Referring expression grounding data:
★ ★ ★ ★ ★

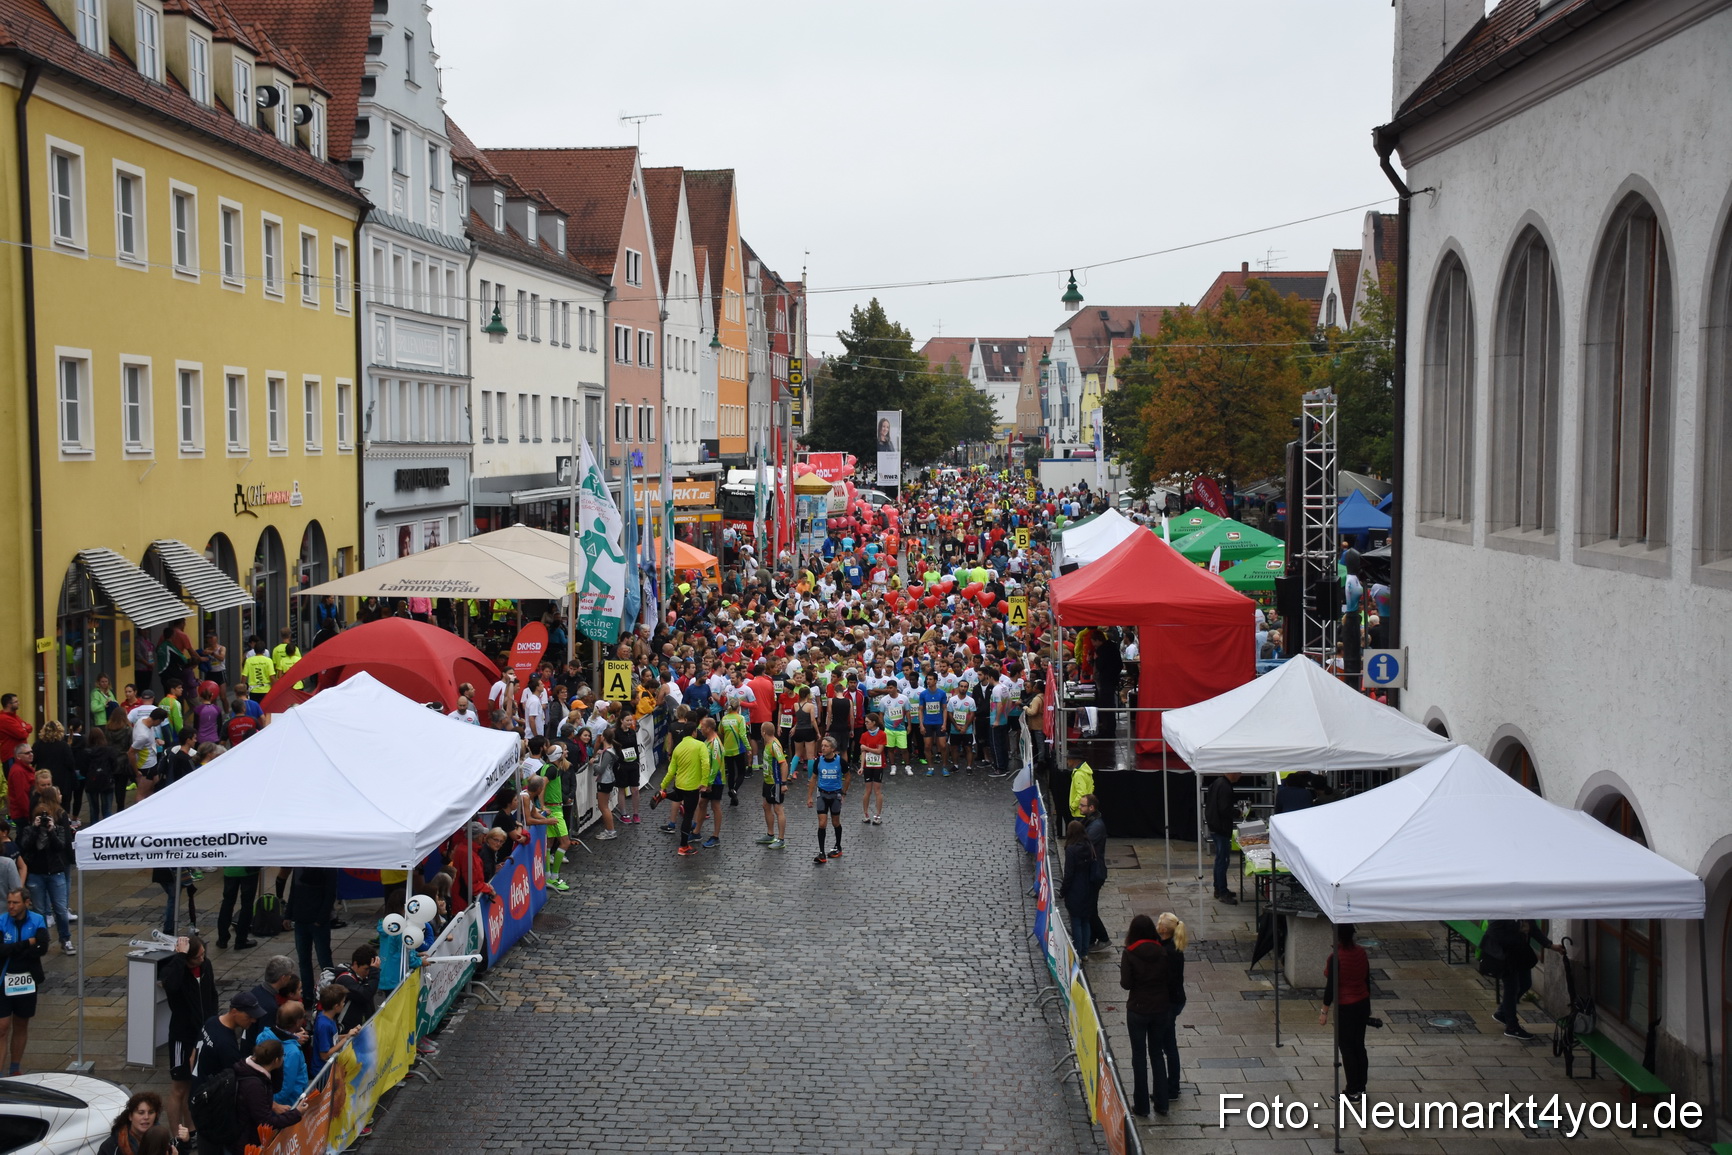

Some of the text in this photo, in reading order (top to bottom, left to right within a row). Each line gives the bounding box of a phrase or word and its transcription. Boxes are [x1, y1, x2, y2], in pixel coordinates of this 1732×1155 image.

[789, 360, 802, 425] HOTEL
[1028, 491, 1034, 499] C
[732, 522, 747, 530] AVIA
[1019, 535, 1027, 545] B
[379, 584, 480, 593] Lammsbräu
[1012, 605, 1024, 619] A
[607, 662, 629, 670] Block
[610, 673, 625, 692] A
[92, 833, 268, 848] BMW ConnectedDrive
[93, 851, 143, 861] Vernetzt,
[165, 850, 184, 859] frei
[201, 849, 227, 858] sein.
[8, 975, 32, 986] 2206
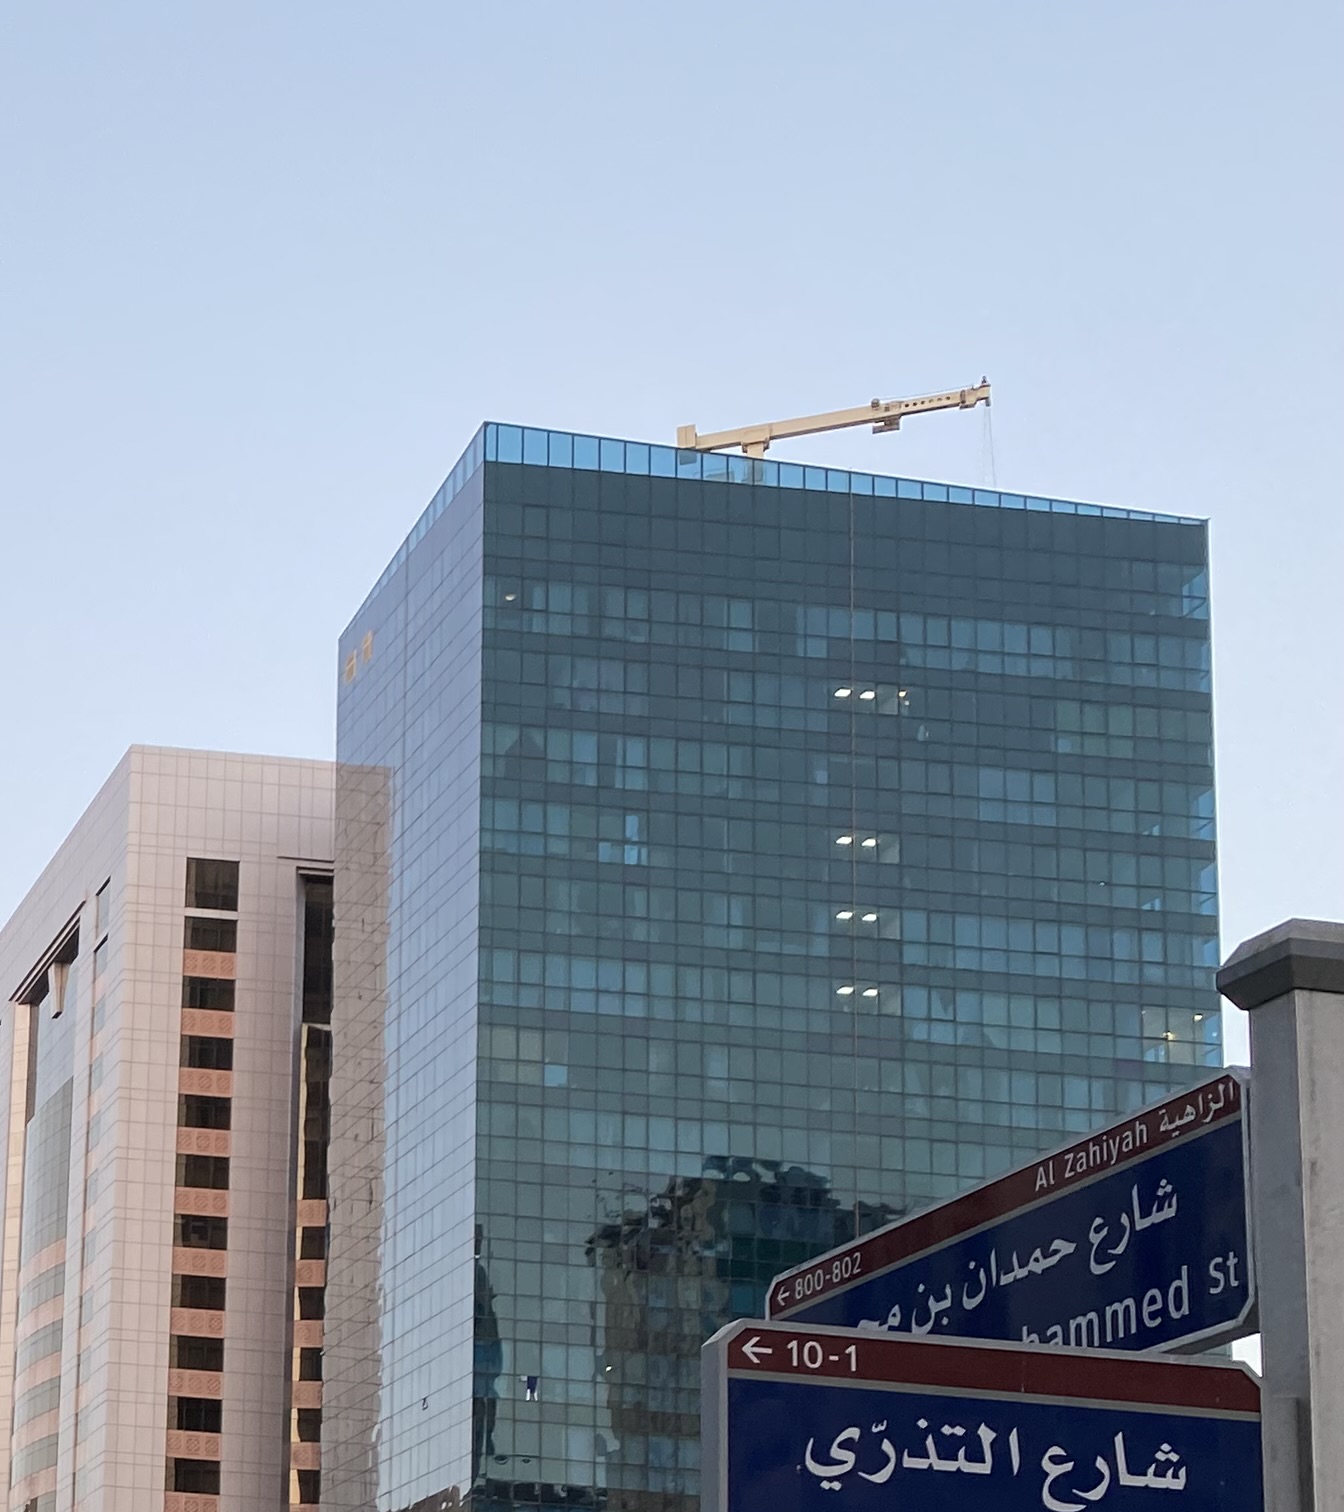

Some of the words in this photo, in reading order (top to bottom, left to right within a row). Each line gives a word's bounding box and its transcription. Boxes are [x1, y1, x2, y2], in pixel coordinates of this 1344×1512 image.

[1158, 1080, 1235, 1139] الزاهية
[1034, 1164, 1056, 1193] Al
[1064, 1121, 1149, 1179] Zahiyah
[1087, 1178, 1179, 1276] شارع
[794, 1252, 863, 1300] 800-802
[962, 1237, 1078, 1311] حمدان
[1209, 1250, 1240, 1297] St
[911, 1280, 953, 1335] بن
[786, 1339, 859, 1373] 10-1
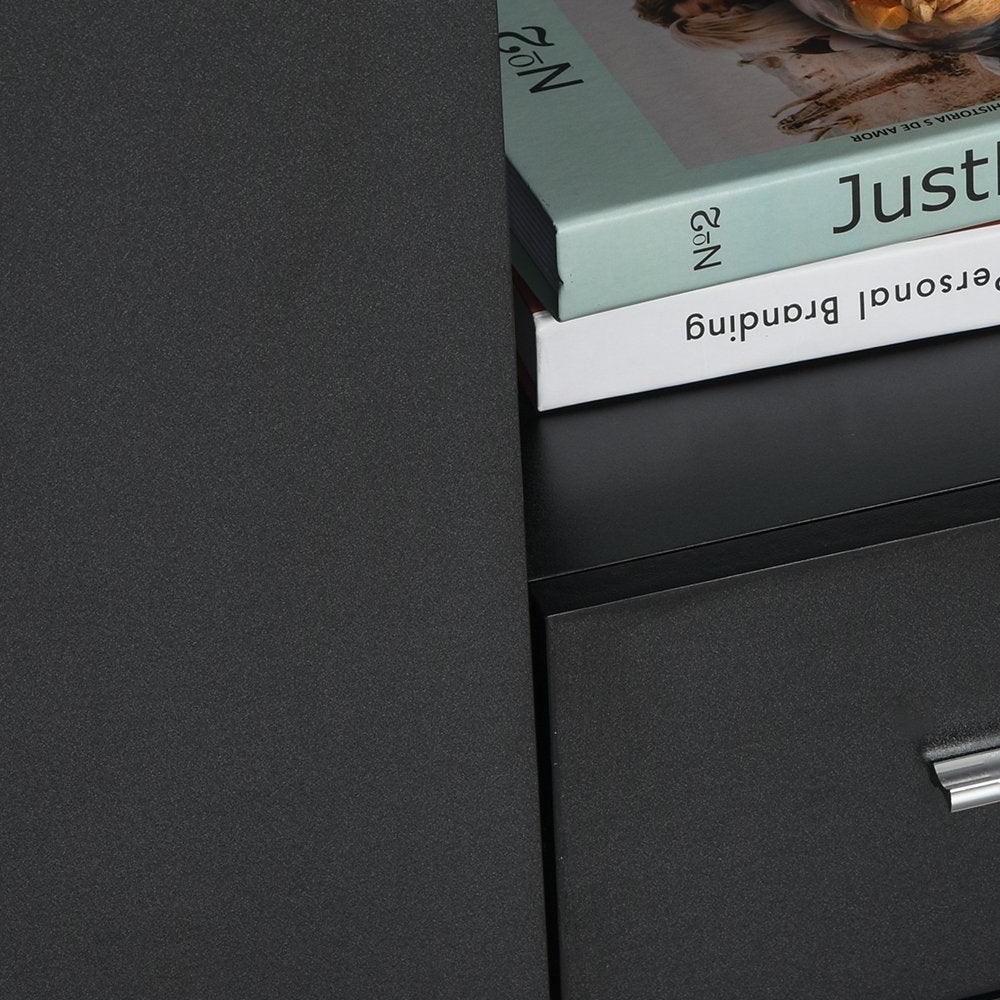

★ ★ ★ ★ ★

[Exercise instructions]: Please copy the lines above exactly as written, apart from any pictures.

[Expected answer]:
Some of the text in this photo, in reading order (top to bottom, left to right within a row). Each line gives the bounding box of a phrase or word and its transcription. Boxes are [x1, y1, x2, y2], in pixel coordinates of this 1732×1155 image.

[789, 360, 802, 425] HOTEL
[1028, 491, 1034, 499] C
[732, 522, 747, 530] AVIA
[1019, 535, 1027, 545] B
[379, 584, 480, 593] Lammsbräu
[1012, 605, 1024, 619] A
[607, 662, 629, 670] Block
[610, 673, 625, 692] A
[92, 833, 268, 848] BMW ConnectedDrive
[93, 851, 143, 861] Vernetzt,
[165, 850, 184, 859] frei
[201, 849, 227, 858] sein.
[8, 975, 32, 986] 2206

Some of the words in this photo, in reading order (top to bottom, left to right within a row). Each line gives a word's bounding box and its transcription. Boxes are [x1, y1, x2, y2], in pixel coordinates of this 1344×1512 image.

[1158, 1080, 1235, 1139] الزاهية
[1034, 1164, 1056, 1193] Al
[1064, 1121, 1149, 1179] Zahiyah
[1087, 1178, 1179, 1276] شارع
[794, 1252, 863, 1300] 800-802
[962, 1237, 1078, 1311] حمدان
[1209, 1250, 1240, 1297] St
[911, 1280, 953, 1335] بن
[786, 1339, 859, 1373] 10-1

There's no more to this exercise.